Launched in March 1975 at the Geneva Motor Show, the Renault 30 TS was marketed as Renault's flagship model and it was the first Renault with an engine having more than four cylinders since the pre-war Renault Vivastella. It was one of the first cars (the other two being the Peugeot 604 and Volvo 264) to use the then newly introduced 2664 cc PRV V6 engine, which was developed jointly between Peugeot, Renault and Volvo; the PRV produced 130 PS and could power the R30 to a top speed of 185 km/h. The vehicle's hatchback styling was derivative of the extremely successful Renault 16.

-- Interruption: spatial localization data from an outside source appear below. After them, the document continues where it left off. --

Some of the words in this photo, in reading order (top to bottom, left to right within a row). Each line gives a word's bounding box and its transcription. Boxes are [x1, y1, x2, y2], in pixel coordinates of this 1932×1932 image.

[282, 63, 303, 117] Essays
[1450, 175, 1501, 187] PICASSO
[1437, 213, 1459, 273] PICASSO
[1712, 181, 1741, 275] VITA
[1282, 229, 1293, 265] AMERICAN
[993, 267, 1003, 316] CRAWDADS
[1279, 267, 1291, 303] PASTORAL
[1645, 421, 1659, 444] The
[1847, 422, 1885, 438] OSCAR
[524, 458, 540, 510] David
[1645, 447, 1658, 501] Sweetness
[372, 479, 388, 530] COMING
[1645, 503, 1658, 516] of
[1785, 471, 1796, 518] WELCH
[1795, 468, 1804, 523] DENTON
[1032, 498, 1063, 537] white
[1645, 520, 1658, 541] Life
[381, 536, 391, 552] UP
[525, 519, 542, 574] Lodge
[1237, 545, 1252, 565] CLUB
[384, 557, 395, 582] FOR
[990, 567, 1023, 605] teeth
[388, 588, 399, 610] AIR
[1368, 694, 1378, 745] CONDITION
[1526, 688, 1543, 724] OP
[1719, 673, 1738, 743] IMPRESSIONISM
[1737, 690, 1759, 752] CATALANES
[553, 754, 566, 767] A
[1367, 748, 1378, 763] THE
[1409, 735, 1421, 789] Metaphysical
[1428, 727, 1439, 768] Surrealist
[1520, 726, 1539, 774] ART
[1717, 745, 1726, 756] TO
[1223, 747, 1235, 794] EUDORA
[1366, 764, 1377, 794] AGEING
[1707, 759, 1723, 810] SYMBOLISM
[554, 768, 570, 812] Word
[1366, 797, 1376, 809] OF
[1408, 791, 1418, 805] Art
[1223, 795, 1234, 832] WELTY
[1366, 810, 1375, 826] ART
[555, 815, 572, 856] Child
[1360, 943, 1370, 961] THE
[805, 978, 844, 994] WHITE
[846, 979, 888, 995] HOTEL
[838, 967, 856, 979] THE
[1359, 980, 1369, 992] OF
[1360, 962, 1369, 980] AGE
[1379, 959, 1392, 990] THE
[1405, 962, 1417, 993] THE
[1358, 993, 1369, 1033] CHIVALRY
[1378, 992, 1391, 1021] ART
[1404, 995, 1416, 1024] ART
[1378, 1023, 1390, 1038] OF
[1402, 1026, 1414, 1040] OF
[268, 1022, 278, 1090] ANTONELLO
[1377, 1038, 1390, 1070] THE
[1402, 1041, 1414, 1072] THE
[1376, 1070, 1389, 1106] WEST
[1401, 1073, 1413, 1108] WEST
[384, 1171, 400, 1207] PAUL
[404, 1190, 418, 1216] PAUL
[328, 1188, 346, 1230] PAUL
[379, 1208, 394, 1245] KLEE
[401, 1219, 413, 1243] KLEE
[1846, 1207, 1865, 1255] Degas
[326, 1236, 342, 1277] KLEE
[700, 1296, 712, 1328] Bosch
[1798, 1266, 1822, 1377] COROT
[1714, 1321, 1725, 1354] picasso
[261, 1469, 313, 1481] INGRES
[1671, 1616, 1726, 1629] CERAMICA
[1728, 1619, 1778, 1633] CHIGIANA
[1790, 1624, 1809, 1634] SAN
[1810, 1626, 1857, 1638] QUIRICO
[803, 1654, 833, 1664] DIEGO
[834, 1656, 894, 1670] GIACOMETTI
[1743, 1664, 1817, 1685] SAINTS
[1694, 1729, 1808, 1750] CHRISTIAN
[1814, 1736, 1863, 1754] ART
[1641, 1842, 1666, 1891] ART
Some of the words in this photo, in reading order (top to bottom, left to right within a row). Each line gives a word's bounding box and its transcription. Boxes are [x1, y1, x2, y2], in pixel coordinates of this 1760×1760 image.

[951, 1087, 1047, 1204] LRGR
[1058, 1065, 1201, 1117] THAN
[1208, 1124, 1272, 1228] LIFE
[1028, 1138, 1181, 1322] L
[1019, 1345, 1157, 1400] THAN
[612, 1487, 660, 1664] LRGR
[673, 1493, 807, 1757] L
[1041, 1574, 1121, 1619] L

The more affordable Renault 20 was presented at the Paris Salon in November 1975 (exactly eight months after the Renault 30 TS) and used the same hatchback body styling as the R30 but with two rectangular headlights instead of the R30's quadruple round lights. The Renault 20 was essentially a successor to the Renault 16, albeit in a rather larger body shell. Under the bonnet, the R20 had the smaller four-cylinder 1647 cc engine (from the Renault 16 TX) rated at 90 PS. Other technical differences between the 20 and 30 were that 20 used drum brakes at the rear wheels, 13 inch wheel rims, and a smaller 60-litre fuel tank. The 20 came in three different trim variations: L, TL and GTL. The two cars were effectively two 'badge engineered' versions of the same car with separate numeric classification. The R20 received an all-new 2068 cc diesel engine in November 1979, Renault's first diesel automobile.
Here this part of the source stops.